RAMP1 signaling attenuates acute lung injury by inhibiting cytokine production and neutrophil recruitment

Neuroimmune interactions have emerged as critical regulators of inflammation. Neuropeptide calcitonin gene-related peptide (CGRP) regulates cytokine production in immune cells through signaling for CGRP receptor, receptor activity-modifying protein 1 (RAMP1). Here, we examined the role of RAMP1 signaling in LPS-induced lung injury. Acute lung injury was induced by intratracheal injection of LPS in wild-type mice (WT) and RAMP1 knockout mice (RAMP1 KO).

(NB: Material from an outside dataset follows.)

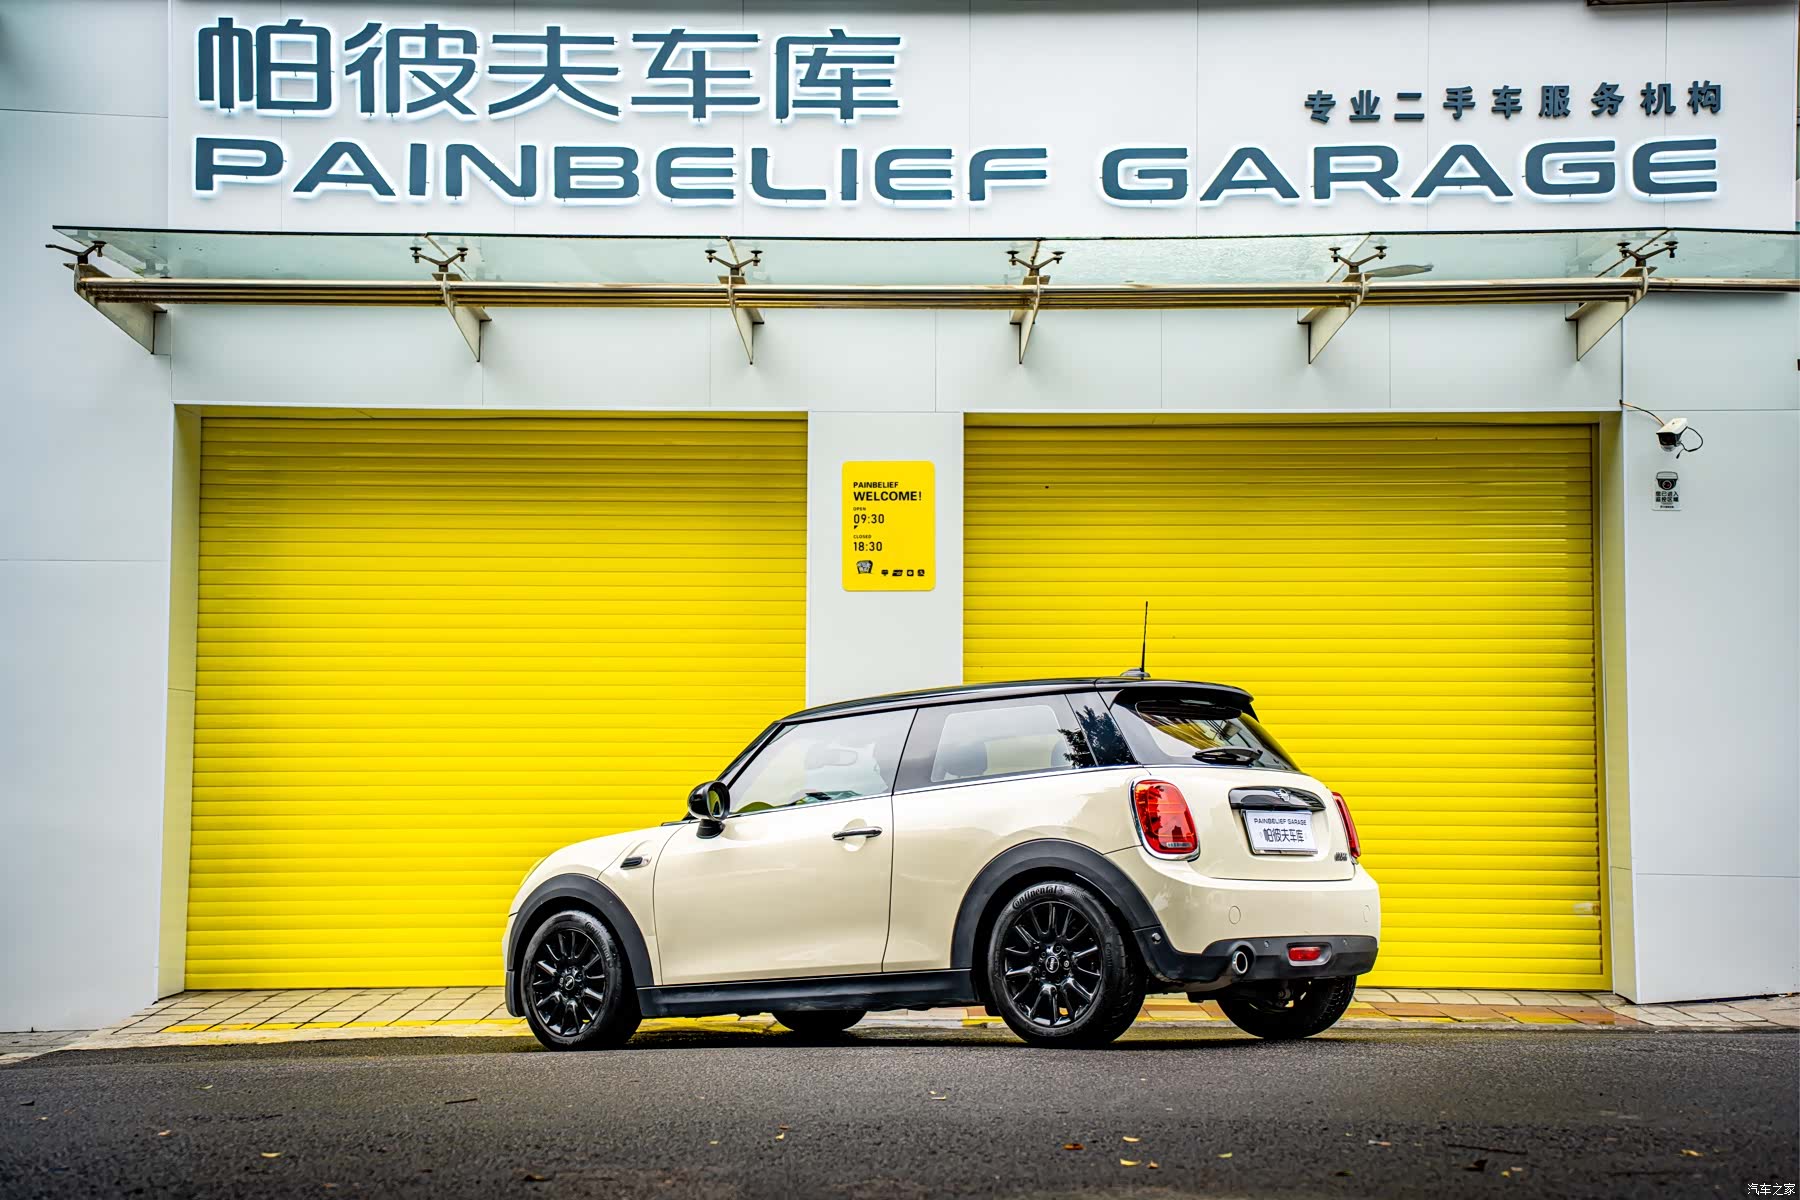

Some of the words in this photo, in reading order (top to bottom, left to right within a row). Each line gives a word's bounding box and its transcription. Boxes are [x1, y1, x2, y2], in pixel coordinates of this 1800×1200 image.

Compared with WT, RAMP1 KO exhibited decreases in survival rate and increases in lung injury score, and total protein concentrations and pro-inflammatory mediators including IL-6 and CXCL2 in BALF at 72 h after LPS administration. In WT, CGRP and RAMP1 levels in the lung were increased after LPS administration, and RAMP1 was expressed in alveolar macrophages. After LPS administration, the numbers of alveolar macrophages in both types of mice were diminished, and reached nadir at 6h, and restored to half levels of pre-values in WT thereafter, but remained low in RAMP1 KO until up to 72 h. By contrast, the numbers of neutrophils were increasing with time after LPS administration in two genotypes, and those in RAMP1 KO were larger than WT at 72 h. These results suggested that RAMP1 signaling attenuated LPS-induced acute lung injury by inhibiting cytokine production, neutrophil accumulation, and pulmonary vascular permeability.